In many ways, you face challenges in designing your company's remote-access strategy similar to those encountered by the builders of Hoover Dam. The customer information stored in your corporate databases does little good whether it flows unchecked or remains behind a firewall at headquarters. Only after it's released in a consistent, easily managed, cost-effective manner does the data translate into selling power-and increased revenue.
This task has become increasingly difficult as telecommuters, partners, suppliers and employees on the road have all come to require 24/7 access to updated information. But like it or not, implementing a bullet-proof, budget-wise plan for giving remote users the data they need when they need it is becoming a requirement for any sales executive. As daunting as the job might seem, take heart: Hoover Dam was finished two years ahead of schedule-and it's still one of the few federal projects to achieve total ROI.
Priming the Pump
Michael Howard, president of Infonetics Research, points out several of the key advantages to remote-access that you'll want to bring to bear the first time someone questions your plan to improve corporate data flow. The San Jose, Calif.-based market research firm sampled 117 Fortune 1000 companies last year and found that 57 percent say remote-access technology increased their revenues, 69 percent claim it increased customer response, 67 percent report it improved corporate communications and 62 percent find it increased personal productivity.
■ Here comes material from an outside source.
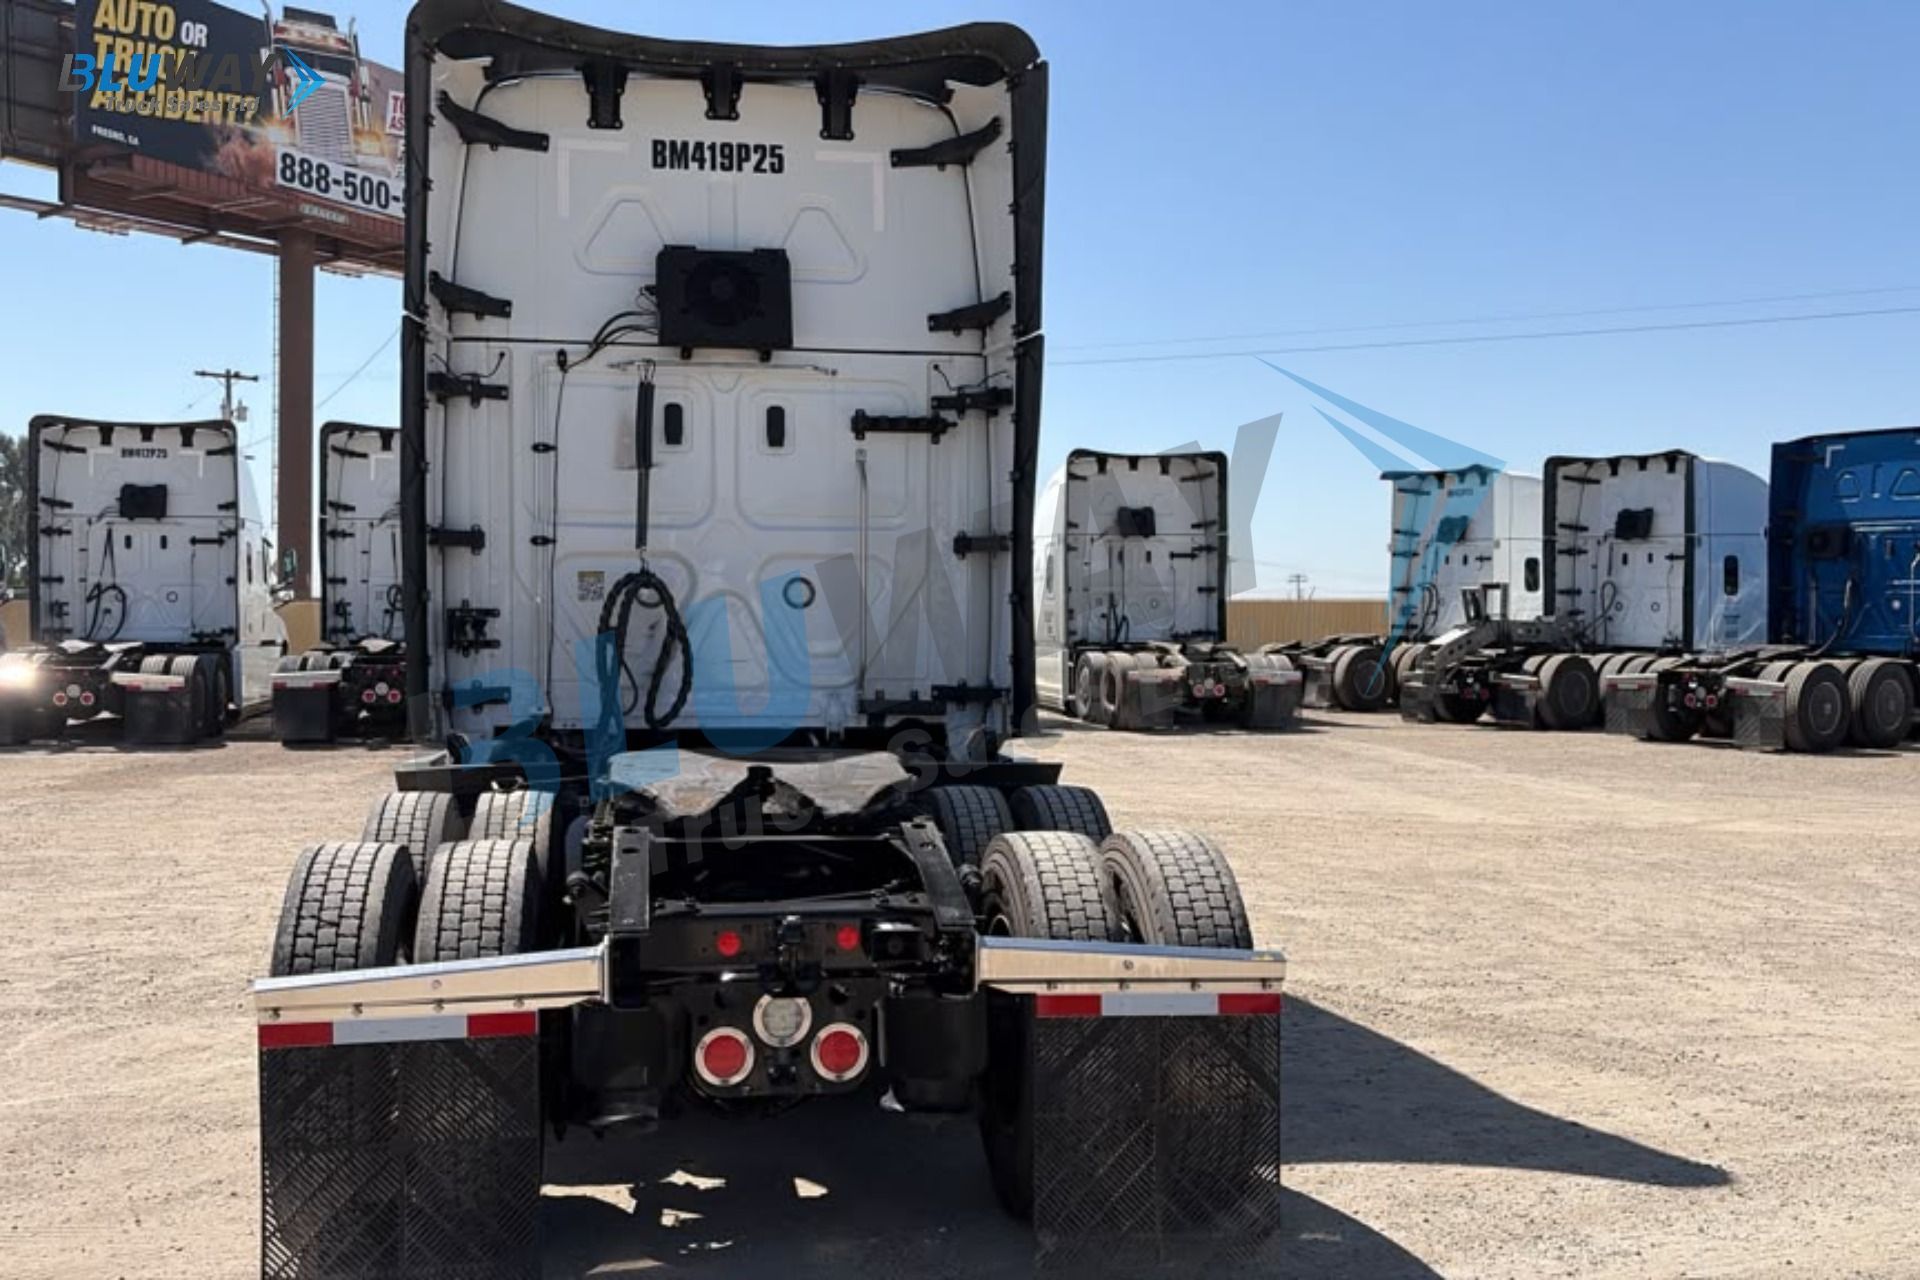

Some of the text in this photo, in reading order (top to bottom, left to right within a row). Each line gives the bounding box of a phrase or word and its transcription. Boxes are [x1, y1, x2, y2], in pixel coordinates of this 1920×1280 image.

As a rule, remote-access costs are easily quantified since most companies are better at tracking IS costs than benefits. Howard estimates that in 1997, an average of 18 percent of companies' entire IS budgets was spent on remote dialup access solutions.
One problem that makes estimating a remote-access price tag complex is that total cost of ownership (TCO) of remote-access solutions is often underestimated. In addition to initial equipment expenses, hidden costs often pop up later, making executives wonder about the ROI of such projects.
The GartnerGroup recently published a five-year TCO model for dialup remote access and noted that more than 70 percent of costs incurred can be attributed to the remote users themselves, rather than to the cost of remote-access equipment. The model predicts that between 1997 and 2002, the average notebook-toting employee will cost a company almost $80,000. However, the costs for the average home-based user with a company-owned PC will average more than $130,000.
"Between 1997 and 2002, the average notebook-toting employee will cost a company almost $80,000."
Not long ago, remote-access referred to a PC running a remote-control software solution. Today, remote solutions are much more sophisticated. Faster modems and the growth of the Web have fueled such solutions as Point-to-Point Protocol (PPP), corporate portals and remote-node configurations. Virtual Private Networking (VPN) has become a mission-critical business concept, describing inexpensive remote access via tunneled connections over the Internet or an IP-based public network.
Most organizations today must contend with sets of mobile employees and telecommuters, as well as employees who need after-hours and weekend access to enterprise data. The traditional answer has been to build and maintain Remote-Access Servers (RAS), which host direct-dial calls from remote clients.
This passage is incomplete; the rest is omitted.